Quella collaborazione è la vera notizia sotto l’annuncio. García Márquez passò decenni a rifiutare di vendere i diritti, convinto che il libro non potesse essere girato nella sua lingua e non dovesse esserlo in nessun’altra. Temeva che Hollywood appiattisse Macondo in uno scenario esotico e che nessuna durata potesse contenere un romanzo che attraversa un secolo in poche centinaia di pagine. La serie esiste solo perché i suoi figli, Rodrigo e Gonzalo García Barcha, dopo la sua morte hanno deciso che le condizioni erano finalmente cambiate: una produzione colombiana, in spagnolo, fatta in casa e supervisionata dalla famiglia, poteva reggerla. La prima parte è stata la prova. La seconda è il compimento, il punto in cui l’adattamento smette di dimostrare che può essere tentato e deve dimostrare di saper chiudere l’unico finale che tutti già conoscono.

È questa la pressione precisa che porta l’episodio finale. Chi conosce il romanzo sa esattamente cosa accade all’ultimo Buendía e a Macondo; non c’è colpo di scena da proteggere, solo una fatalità da guadagnarsi. Le righe conclusive del libro sono tra le frasi più citate della lingua spagnola, così la serie non compete davvero con gli altri titoli della stagione, ma con l’immagine intima che ogni lettore custodisce di come sparisce il paese. Gran parte dell’adattamento di prestigio schiva quel rischio ammorbidendo la fonte o rifugiandosi nell’ambiguità. Questo cammina verso il finale di proposito e costruisce la sua uscita attorno ad esso, trattenendo l’ultimo episodio perché l’epilogo arrivi come un evento a sé.
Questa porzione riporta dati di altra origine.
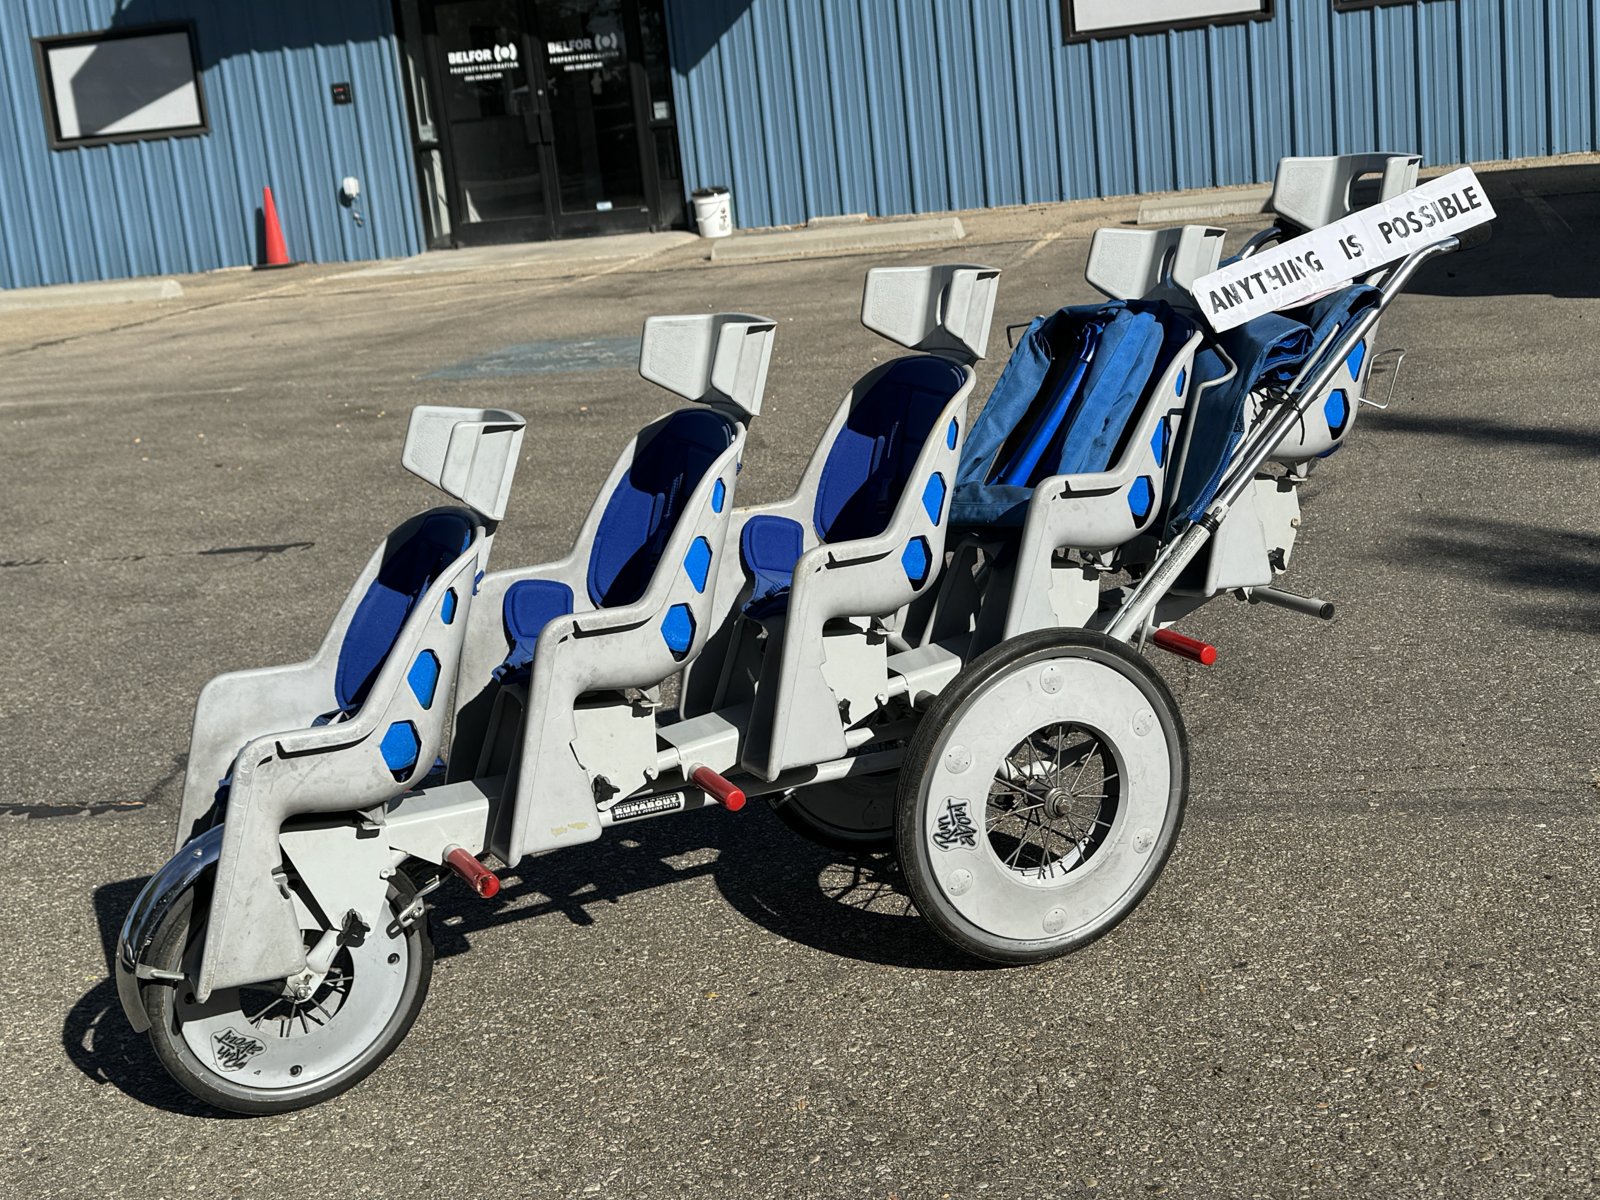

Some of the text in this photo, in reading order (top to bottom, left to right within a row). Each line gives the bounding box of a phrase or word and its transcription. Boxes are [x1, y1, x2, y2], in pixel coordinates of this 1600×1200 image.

La struttura dell’uscita rispecchia quella del libro. Il romanzo è circolare e profetico: si apre su una fucilazione ricordata dal futuro e si chiude sulla lettura del proprio manoscritto mentre il vento cancella il paese. Staccare il gran finale dal resto riproduce quella fatalità nel calendario: la storia non sale verso un climax, scivola, inevitabile, verso una data già scritta. Ciò che questi ultimi episodi chiedono agli attori è diverso da ciò che chiedeva la prima parte. I nomi si ripetono nella stirpe — un altro Aureliano, un altro José Arcadio — e gli interpreti devono far sembrare destino, e non coincidenza, i tratti ereditati, perché lo spettatore senta la famiglia chiudersi su se stessa.
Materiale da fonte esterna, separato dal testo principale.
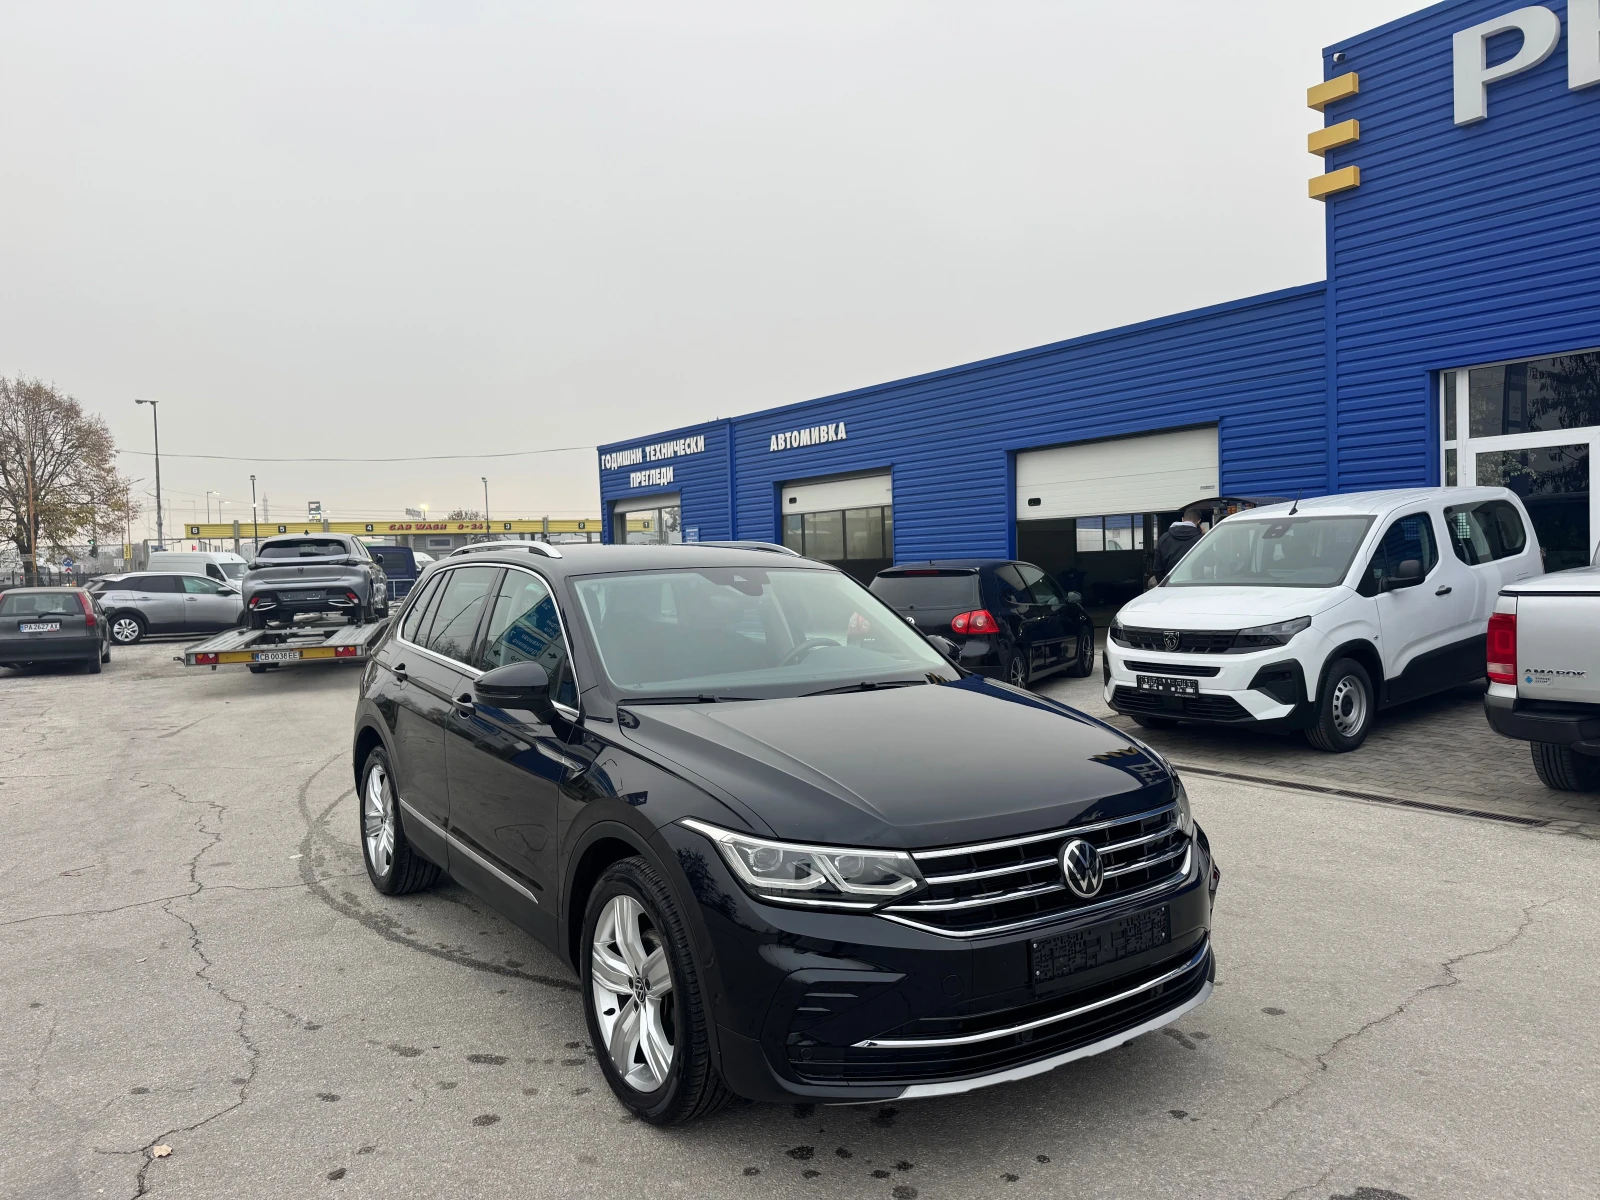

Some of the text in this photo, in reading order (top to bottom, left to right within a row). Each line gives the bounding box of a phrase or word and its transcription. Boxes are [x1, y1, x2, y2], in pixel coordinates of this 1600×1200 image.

[770, 421, 847, 452] АВТОМИВКА
[601, 435, 705, 470] ГОДИШНИ ТЕХНИЧЕСКИ
[630, 466, 674, 488] ПРЕГЛЕДИ
[389, 523, 412, 531] CAR
[415, 523, 447, 531] WASH
[260, 653, 270, 661] CB
[270, 652, 288, 660] 0038
[1525, 668, 1587, 678] AMAROK
Sotto il dramma familiare c’è la ragione per cui il romanzo funziona ancora come testo nazionale. La storia di Macondo è quella della Colombia condensata in mito: i cicli di guerra civile, una compagnia straniera che estrae ricchezza e lascia violenza, un’amnesia ufficiale che cancella un massacro dai registri mentre i sopravvissuti lo ricordano. La domanda che il finale lascia aperta è se quella ripetizione sia destino o diagnosi: se un popolo che vede messo in scena per intero il proprio mito dell’eterno ritorno possa leggerlo come un avvertimento per spezzare il ciclo, o se nominare lo schema sia soltanto un altro modo di accettarlo. La serie non può rispondere. Può solo mettere in scena la profezia e restituire la lettura allo spettatore, che è esattamente ciò che fa il libro.

The women of Macondo face a soldier at gunpoint in One Hundred Years of Solitude Season 2
Cien Años de Soledad S2. Cr. Courtesy of Netflix

Per Netflix la logica si legge senza sforzo: distendere un titolo in spagnolo lungo un mese di conversazione lo tratta come un evento globale e non come una voce regionale del catalogo, la stessa strategia con cui la piattaforma ha trasformato il prestigio in lingua non inglese in attenzione mondiale. Per il cinema colombiano la posta va oltre le visualizzazioni: è il paese che porta sullo schermo il suo romanzo fondativo, alle proprie condizioni, davanti al pubblico più vasto che raggiungerà mai, senza cedere la lingua, le location o la paternità dell’opera. Il finale che García Márquez ebbe paura di consegnare è diventato ciò su cui l’intero progetto verrà giudicato — proprio il punto in cui una storia su una famiglia incapace di sfuggire alla propria profezia doveva arrivare.

La stagione conclusiva di Cent’anni di solitudine arriva su Netflix in due ondate: sette episodi il 5 agosto 2026 e il gran finale, di durata vicina a un lungometraggio e diretto da Laura Mora, il 26 agosto, a completare l’adattamento in sedici episodi. La serie è disponibile in spagnolo e wayuu, con sottotitoli e doppiaggi nei mercati Netflix.